(Supplied material)
+===+

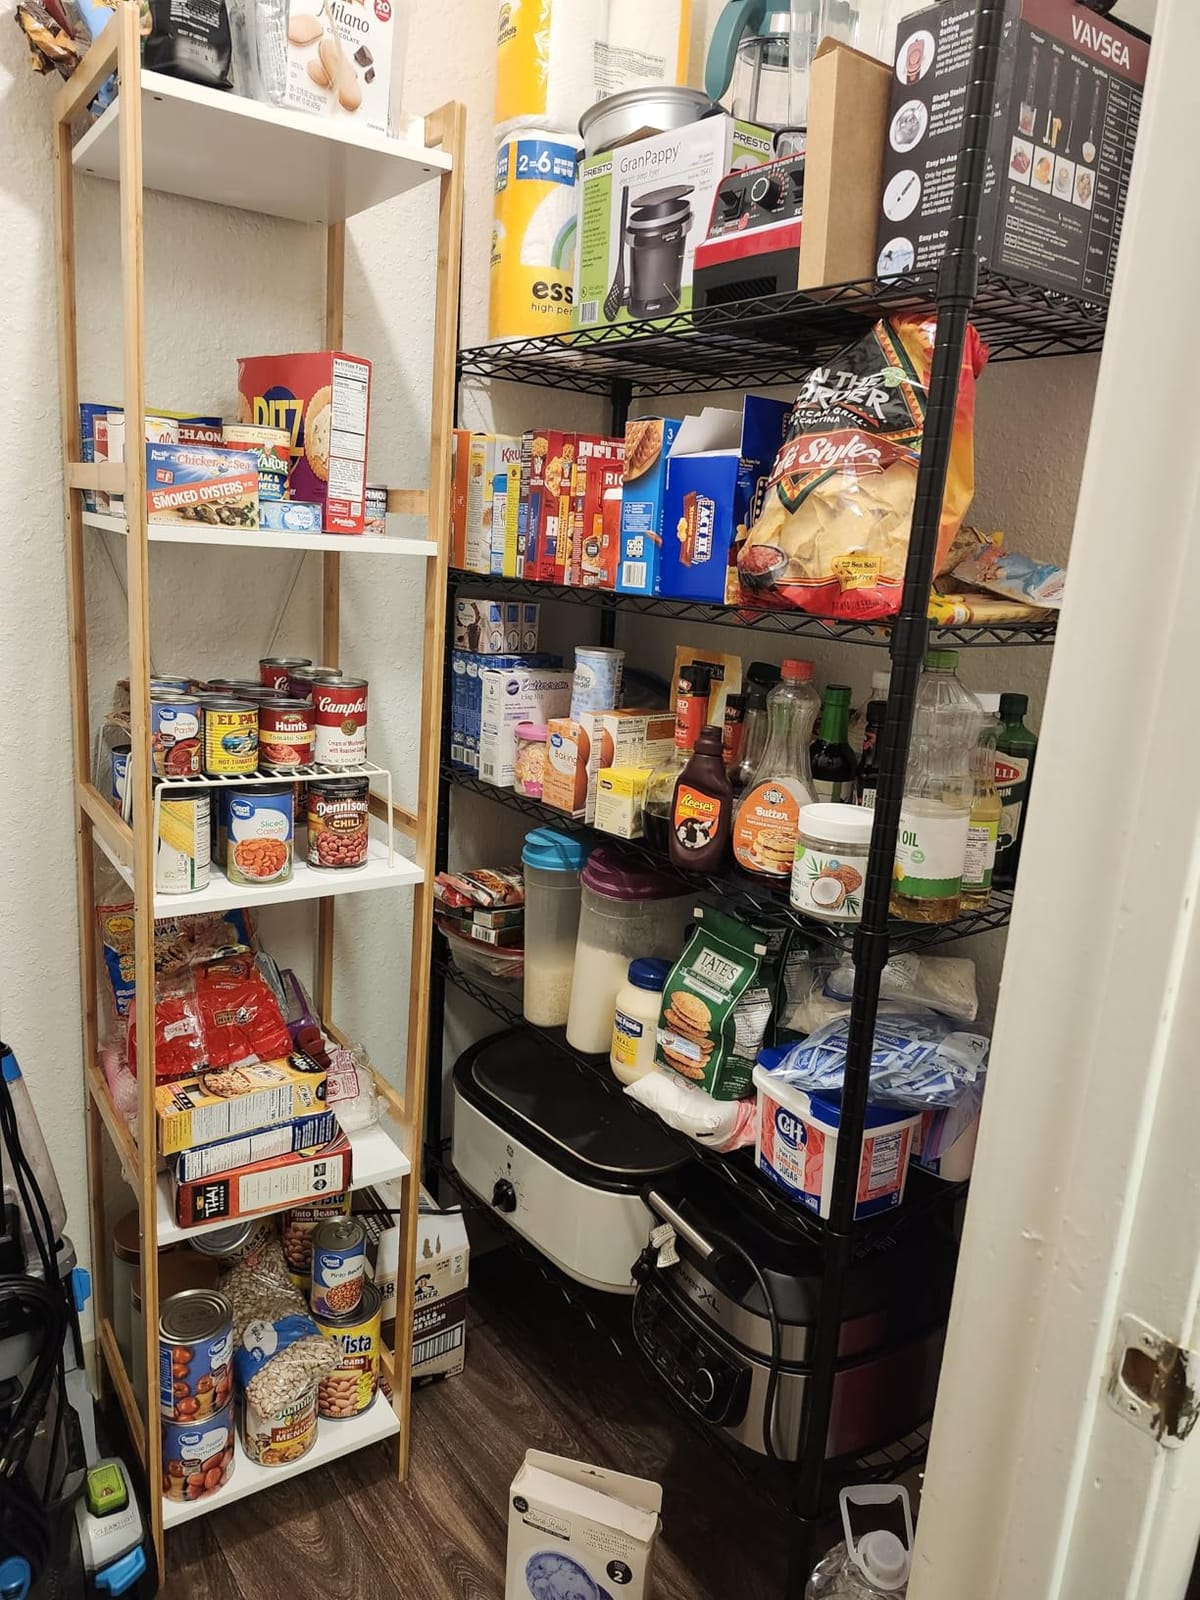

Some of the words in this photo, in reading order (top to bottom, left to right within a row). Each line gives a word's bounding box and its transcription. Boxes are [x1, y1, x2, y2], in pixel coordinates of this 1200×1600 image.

[316, 2, 370, 33] Milano
[1071, 14, 1130, 71] VAVSEA
[733, 131, 771, 151] PRESTO
[620, 145, 679, 174] GranPappy
[584, 162, 613, 178] PRESTO
[531, 303, 553, 314] high
[836, 370, 884, 389] THE
[797, 383, 890, 420] ORDER
[667, 428, 674, 440] 3
[798, 434, 882, 468] Style
[176, 453, 218, 467] Chicken
[233, 459, 251, 470] Sea
[153, 489, 198, 509] SMOKED
[199, 480, 244, 501] OYSTERS
[699, 506, 710, 534] ACT
[217, 714, 236, 726] EL
[275, 719, 308, 731] Hunt's
[173, 726, 196, 735] Paste
[270, 733, 294, 742] Tomato
[218, 758, 230, 766] HOT
[554, 751, 578, 768] Baking
[231, 802, 251, 812] Great
[316, 799, 369, 817] Dennison's
[681, 793, 715, 812] Reese's
[754, 806, 788, 821] Butter
[256, 828, 284, 836] Carrots
[260, 819, 284, 829] Sliced
[332, 820, 359, 828] CHILI
[902, 830, 919, 848] OIL
[700, 951, 738, 981] TATE'S
[778, 1163, 798, 1184] SUGAR
[205, 1186, 219, 1218] THAI
[313, 1208, 339, 1218] Beans
[330, 1271, 347, 1279] Pinto
[424, 1315, 447, 1329] SUGAR
[613, 1570, 624, 1583] 2

+===+

(Activity) Each entry must be retyped word for word, with every image omitted.

(Expected answer)
Some of the words in this photo, in reading order (top to bottom, left to right within a row). Each line gives a word's bounding box and its transcription. Boxes are [x1, y1, x2, y2], in pixel coordinates of this 1200×1600 image.

[316, 2, 370, 33] Milano
[1071, 14, 1130, 71] VAVSEA
[733, 131, 771, 151] PRESTO
[620, 145, 679, 174] GranPappy
[584, 162, 613, 178] PRESTO
[531, 303, 553, 314] high
[836, 370, 884, 389] THE
[797, 383, 890, 420] ORDER
[667, 428, 674, 440] 3
[798, 434, 882, 468] Style
[176, 453, 218, 467] Chicken
[233, 459, 251, 470] Sea
[153, 489, 198, 509] SMOKED
[199, 480, 244, 501] OYSTERS
[699, 506, 710, 534] ACT
[217, 714, 236, 726] EL
[275, 719, 308, 731] Hunt's
[173, 726, 196, 735] Paste
[270, 733, 294, 742] Tomato
[218, 758, 230, 766] HOT
[554, 751, 578, 768] Baking
[231, 802, 251, 812] Great
[316, 799, 369, 817] Dennison's
[681, 793, 715, 812] Reese's
[754, 806, 788, 821] Butter
[256, 828, 284, 836] Carrots
[260, 819, 284, 829] Sliced
[332, 820, 359, 828] CHILI
[902, 830, 919, 848] OIL
[700, 951, 738, 981] TATE'S
[778, 1163, 798, 1184] SUGAR
[205, 1186, 219, 1218] THAI
[313, 1208, 339, 1218] Beans
[330, 1271, 347, 1279] Pinto
[424, 1315, 447, 1329] SUGAR
[613, 1570, 624, 1583] 2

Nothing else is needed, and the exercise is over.